Nevertheless, it is pot -- not booze or cigarettes -- that has the federal government seeing red and clinical investigators seeing green. As I reported for AlterNet last year, the National Institute on Drug Abuse (NIDA), which overseas more than 85 percent of the world's research on controlled substances, recently appropriated some $4 million in taxpayers' dollars to establish the nation's first-ever Center for Cannabis Addiction. Its mission: to "develop novel approaches to the prevention, diagnosis and treatment of marijuana addiction."

Of course, what good is a research center if it isn't conducting clinical research? To this end, the U.S. National Institutes of Health recently made millions of dollars in grant funding available "to support research studies that focus on the identification, and preclinical and clinical evaluation, of medications that can be safe and effective for the treatment of cannabis-use and -induced disorders."

According to NIH's request for applications,

"Cannabis-related disorders (CRDs), including cannabis abuse or dependence and cannabis induced disorders (e.g., intoxication, delirium, psychotic disorder, and anxiety disorder), are a major public health issue. ... Nearly one million people are seeking treatment for marijuana dependence every year and sufficient research has been carried out to confirm that the use of cannabis can produce serious physical and psychological consequences.

"Currently, there are no medications approved by the Food and Drug Administration for the treatment of CRDs. Given the extent of the use of cannabis in the general population, and the medical and psychological consequences of its use … there is a great public health need to develop safe and effective therapeutic interventions. The need to develop treatments targeting adolescents and young adults is particularly relevant in view of their disproportionate use patterns."

Sounds dire, huh? It's meant to. But as usual, the devil is in the details.

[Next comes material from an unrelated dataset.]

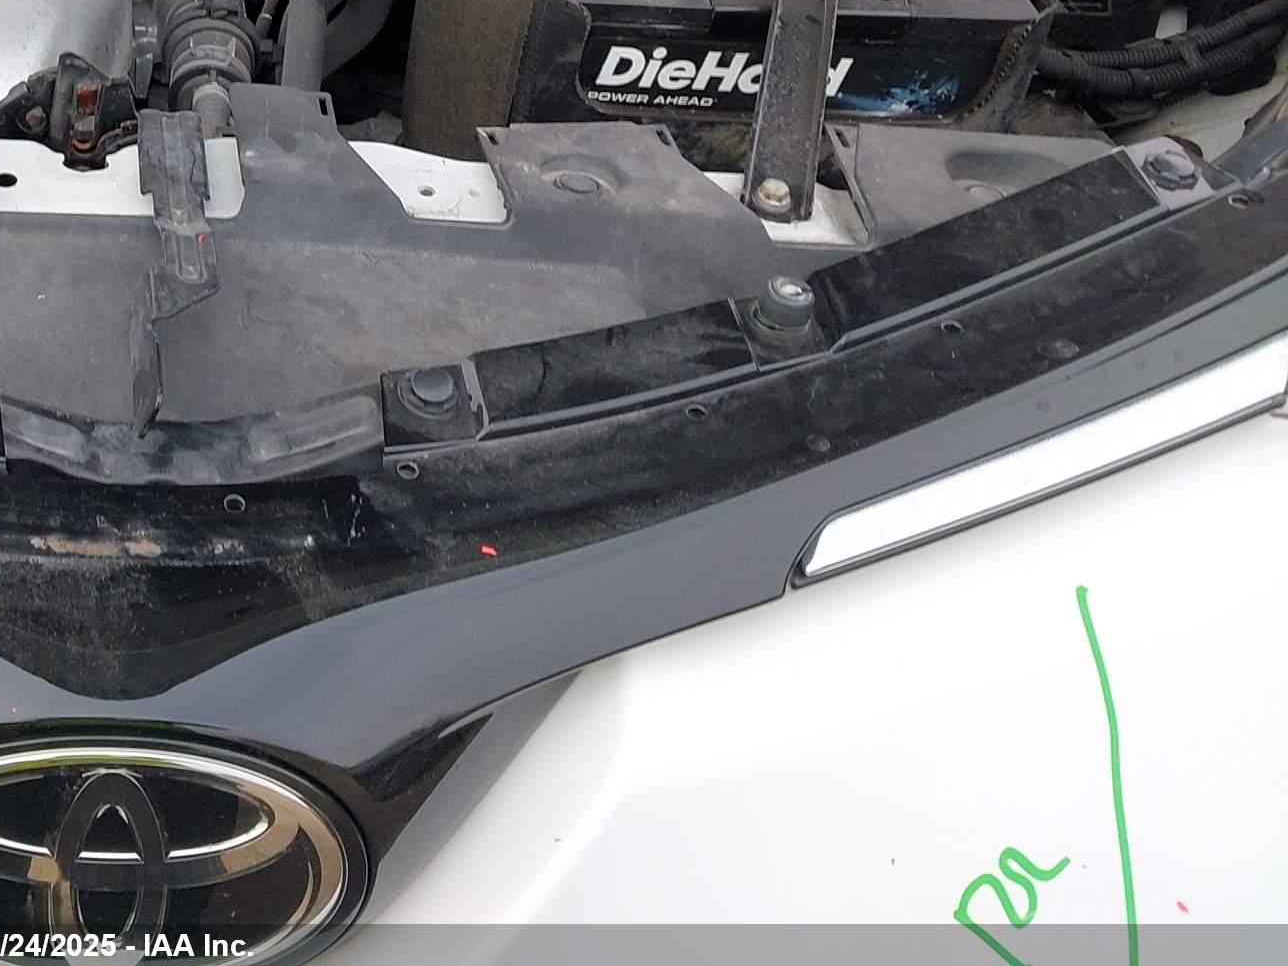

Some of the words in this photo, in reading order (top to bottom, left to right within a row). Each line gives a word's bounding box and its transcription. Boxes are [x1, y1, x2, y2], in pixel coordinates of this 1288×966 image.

[595, 45, 854, 98] DieHad
[588, 90, 650, 104] POWER
[653, 94, 713, 107] AHEAD

First, there's the issue of the so-called "one million people seeking treatment for marijuana dependence." Or not. According to the U.S. Department of Health and Human Services (HHS), Office of Applied Studies, Substance Abuse Mental Health Services Administration (SAMHSA), the actual number of persons seeking drug treatment for marijuana "as a primary substance at admission" in 2007 (the most recent year for which data is available) was 287,933. Still a large total to be sure, but even this tally is highly misleading. Think these folks are seeking treatment for pot "dependence?" Think again.

According to SAMHSA, over 37 percent of the estimated 288,000 thousand people who entered drug treatment for marijuana in 2007 hadn't used weed in the 30 days prior to their admission. Another 16 percent of those admitted said they'd only used cannabis three times or less in the month prior to their admission. Do these individuals sound like they meet the clinical standard of dependence (defined as "the state of being psychologically and physiologically dependent on a drug")? Hardly. In truth, the only reason these people are in "treatment" at all is because they were arrested with a small quantity of pot and were ordered to treatment in lieu of jail.